- **Prompt**
Write out each record below exactly as it appears, with no pictures.

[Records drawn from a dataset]
-- -- --
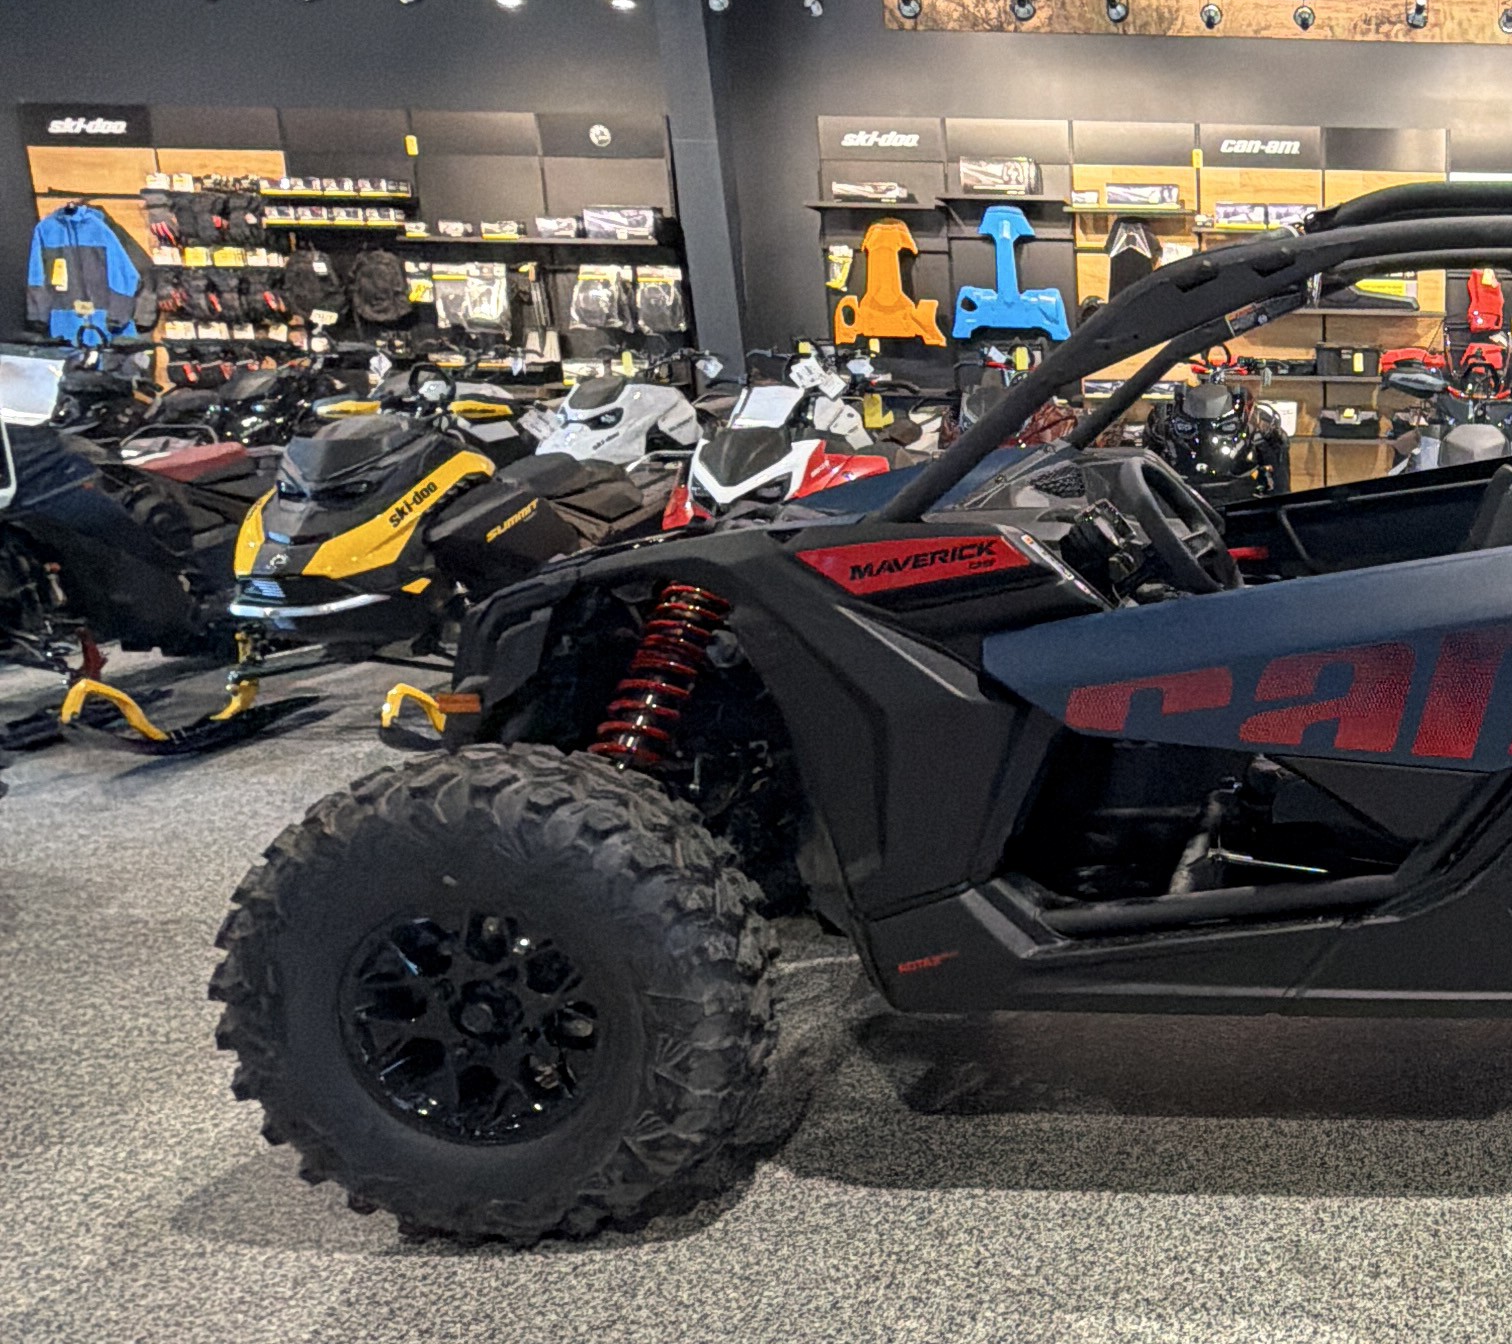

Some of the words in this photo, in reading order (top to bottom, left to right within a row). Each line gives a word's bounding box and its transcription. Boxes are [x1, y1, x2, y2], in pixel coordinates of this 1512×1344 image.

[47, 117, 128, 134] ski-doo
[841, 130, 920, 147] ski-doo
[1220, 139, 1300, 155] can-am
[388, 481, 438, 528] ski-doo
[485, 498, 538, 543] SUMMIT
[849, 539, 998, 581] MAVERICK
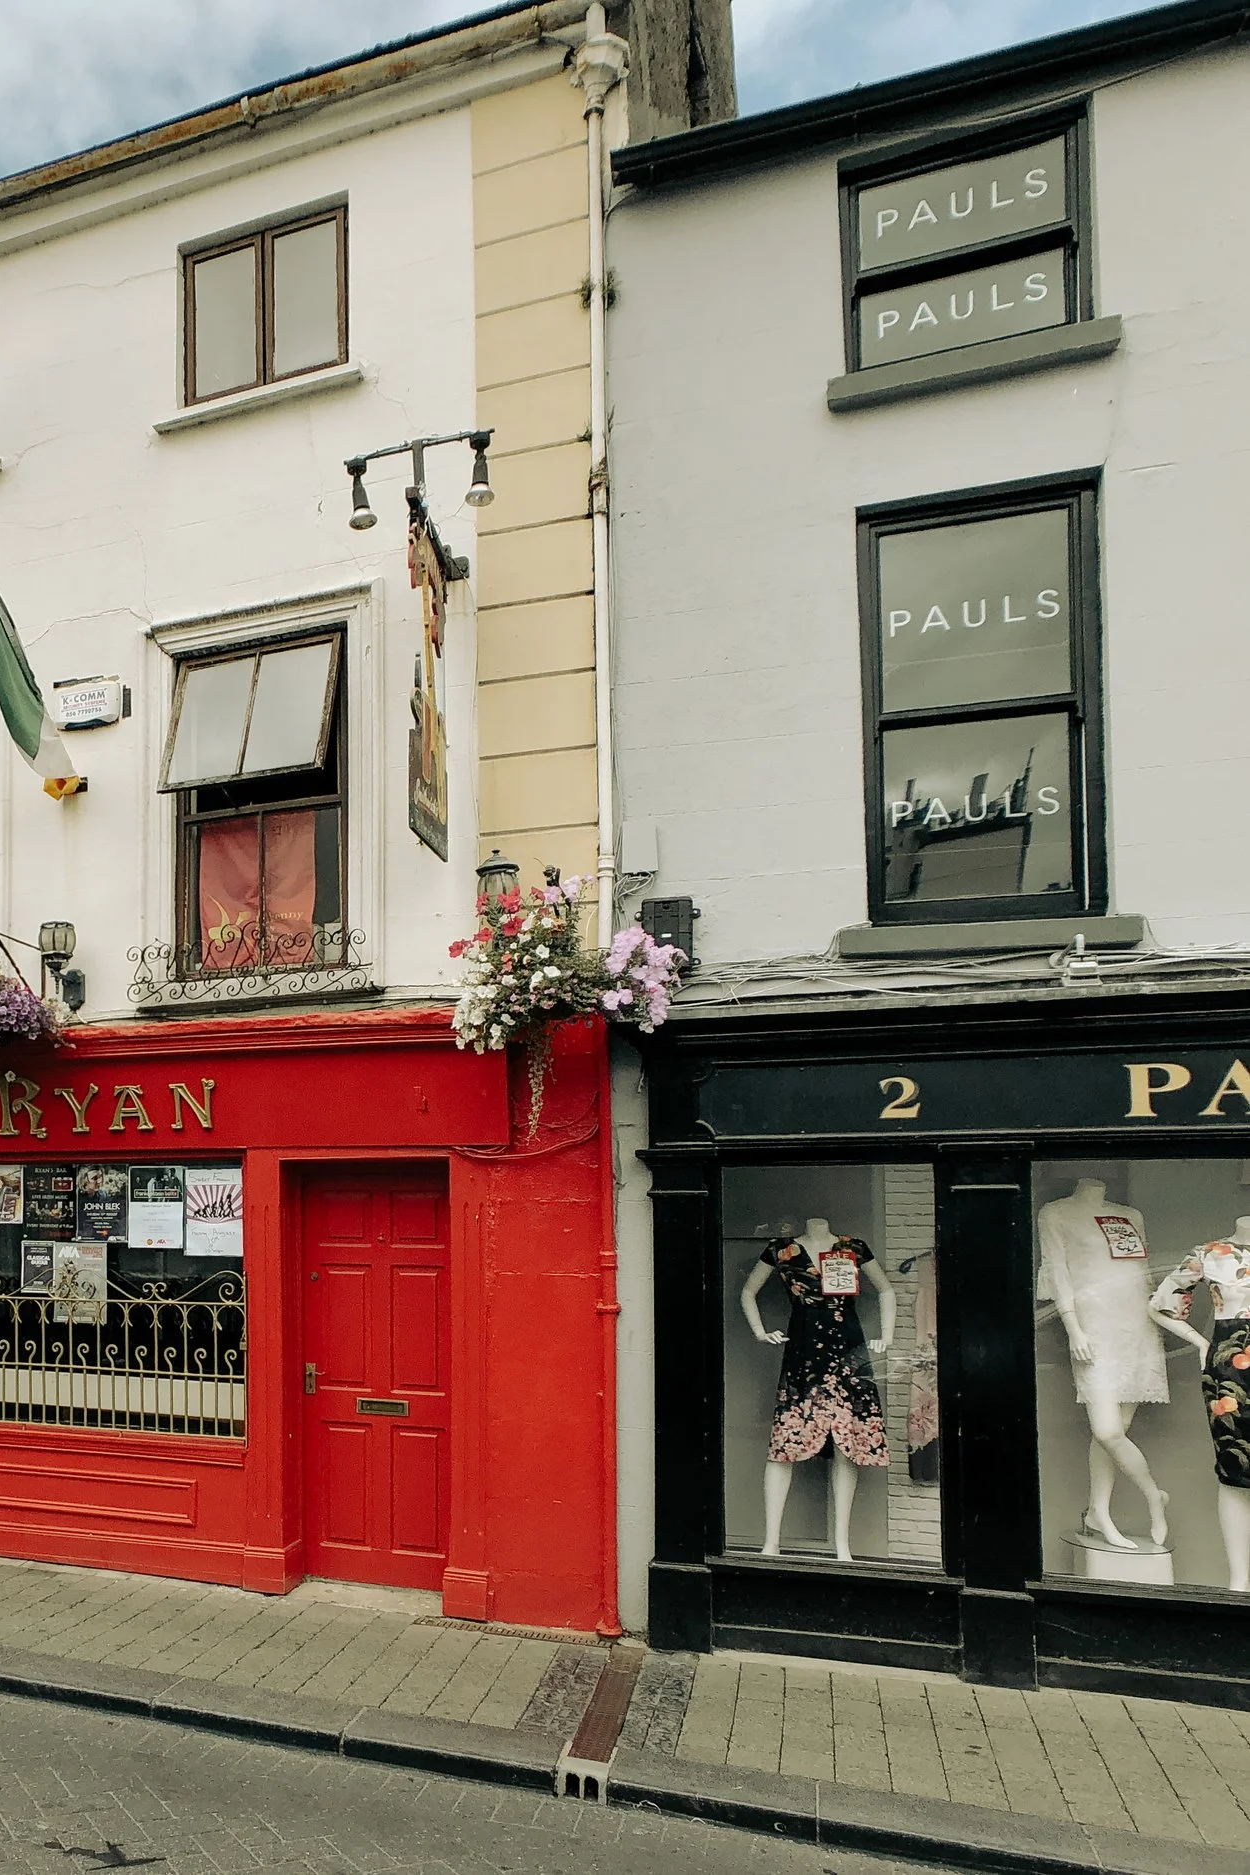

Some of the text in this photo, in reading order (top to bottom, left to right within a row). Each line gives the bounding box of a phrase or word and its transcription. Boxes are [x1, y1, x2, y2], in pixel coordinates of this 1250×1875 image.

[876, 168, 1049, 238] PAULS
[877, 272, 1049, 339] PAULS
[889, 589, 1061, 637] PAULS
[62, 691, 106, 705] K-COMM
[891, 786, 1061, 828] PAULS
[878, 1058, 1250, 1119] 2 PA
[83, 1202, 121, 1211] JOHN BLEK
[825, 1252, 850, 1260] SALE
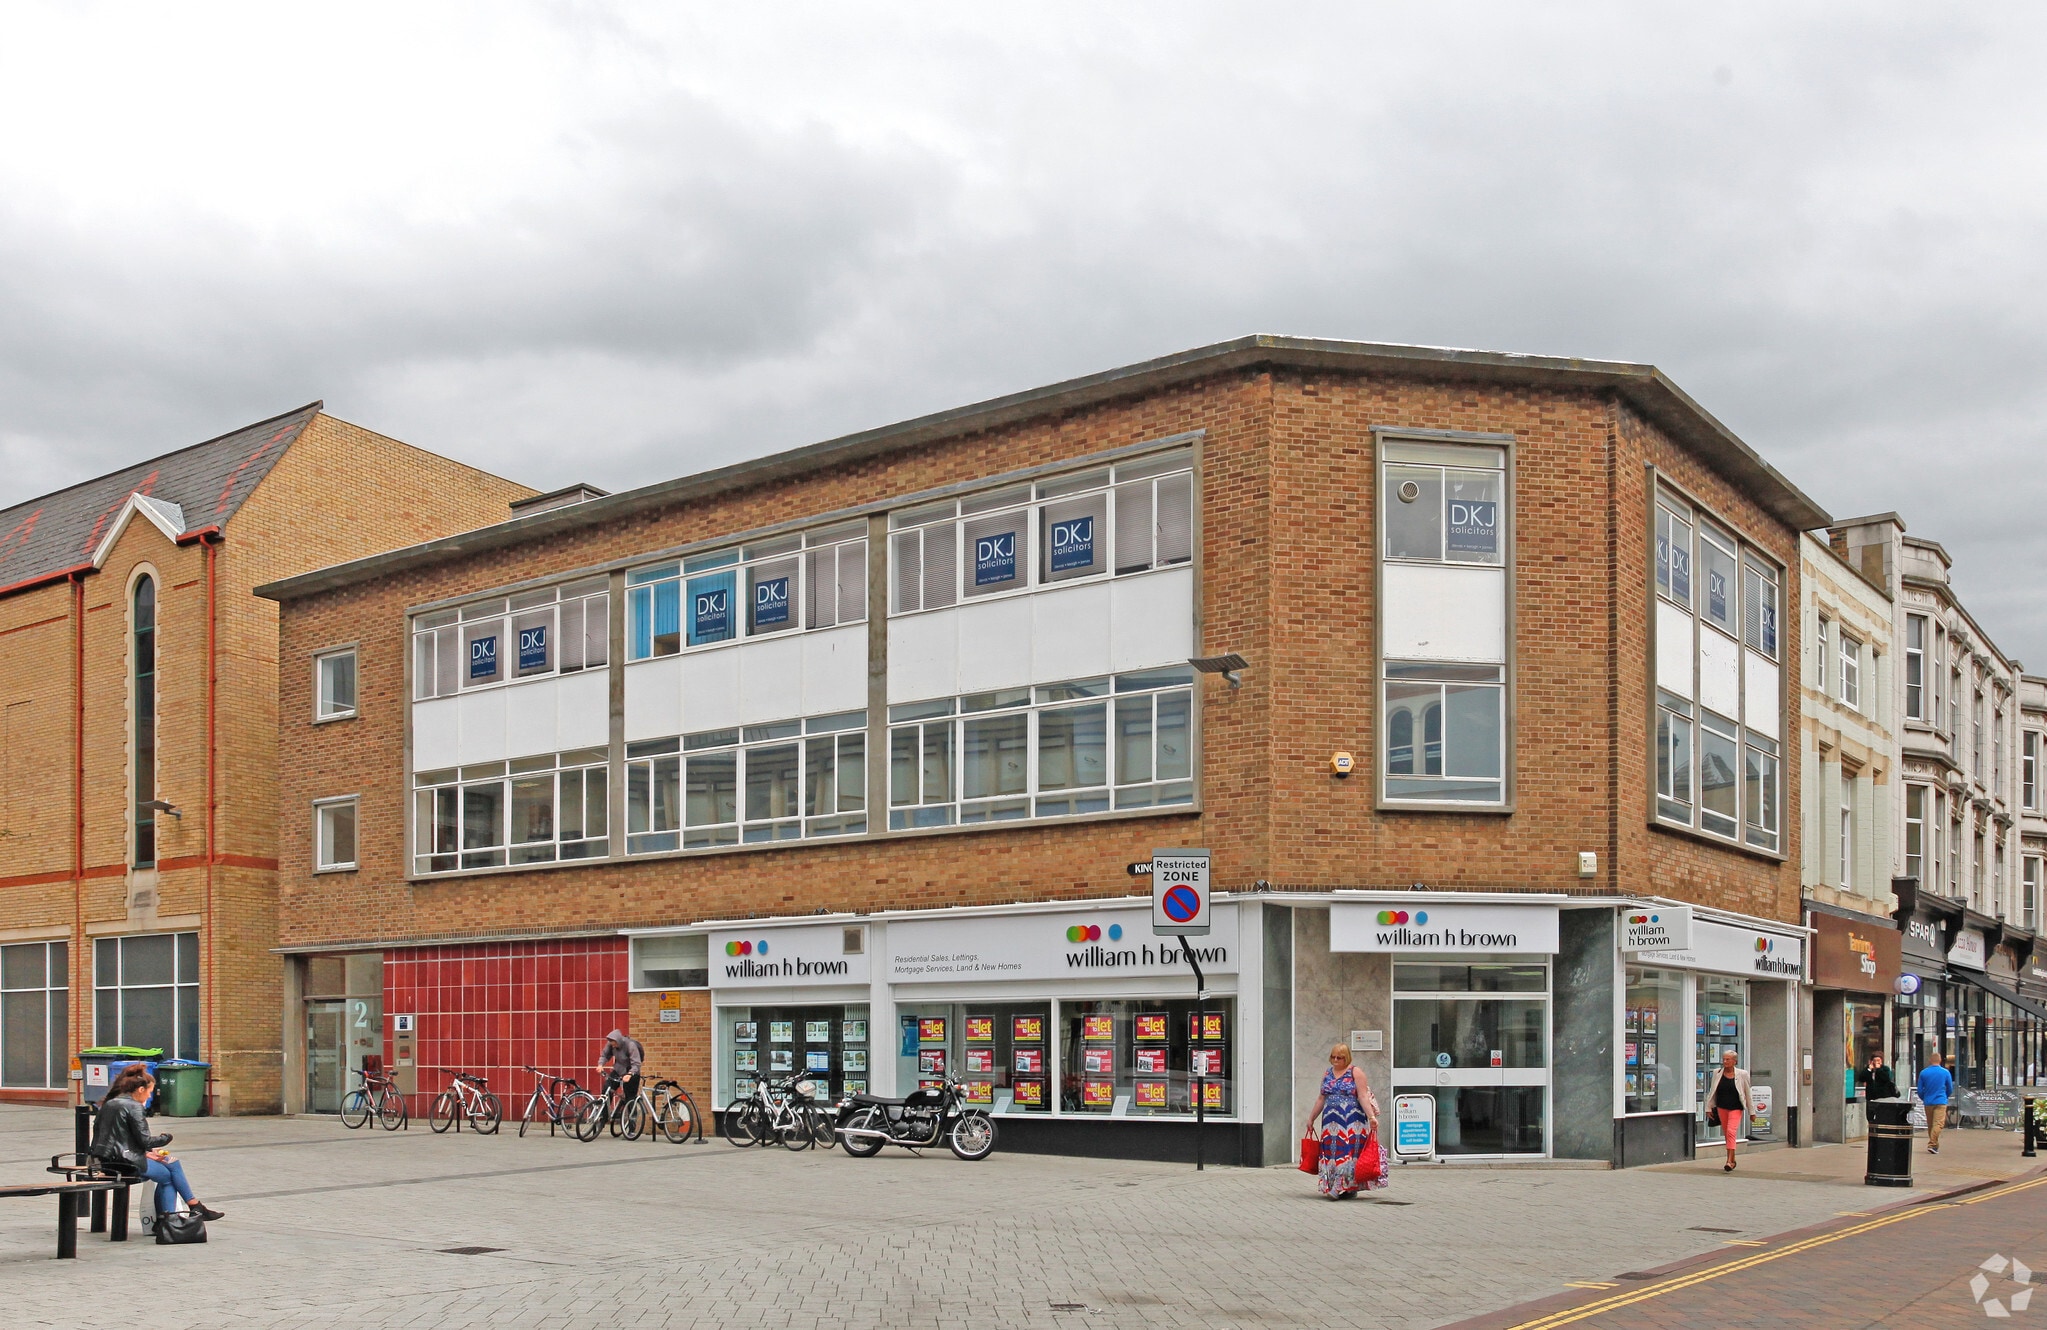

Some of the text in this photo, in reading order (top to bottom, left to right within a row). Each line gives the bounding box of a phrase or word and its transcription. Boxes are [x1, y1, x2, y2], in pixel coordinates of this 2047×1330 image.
-- -- --
- **Result for this task**
Some of the words in this photo, in reading order (top to bottom, left to right within a row). Each line gives a word's bounding box and its transcription. Boxes are [x1, y1, x2, y2], in pixel coordinates of this 1512×1344 image.

[47, 117, 128, 134] ski-doo
[841, 130, 920, 147] ski-doo
[1220, 139, 1300, 155] can-am
[388, 481, 438, 528] ski-doo
[485, 498, 538, 543] SUMMIT
[849, 539, 998, 581] MAVERICK

Some of the text in this photo, in reading order (top to bottom, left to right within a row). Each line gives the bounding box of a phrase or word and its transcription. Boxes are [x1, y1, x2, y2], in pixel coordinates of this 1250×1875 image.

[876, 168, 1049, 238] PAULS
[877, 272, 1049, 339] PAULS
[889, 589, 1061, 637] PAULS
[62, 691, 106, 705] K-COMM
[891, 786, 1061, 828] PAULS
[878, 1058, 1250, 1119] 2 PA
[83, 1202, 121, 1211] JOHN BLEK
[825, 1252, 850, 1260] SALE

Some of the text in this photo, in reading order (top to bottom, left to right within a row). Each line gives the bounding box of a phrase or word and its transcription. Boxes are [x1, y1, x2, y2], in pixel coordinates of this 2047×1330 image.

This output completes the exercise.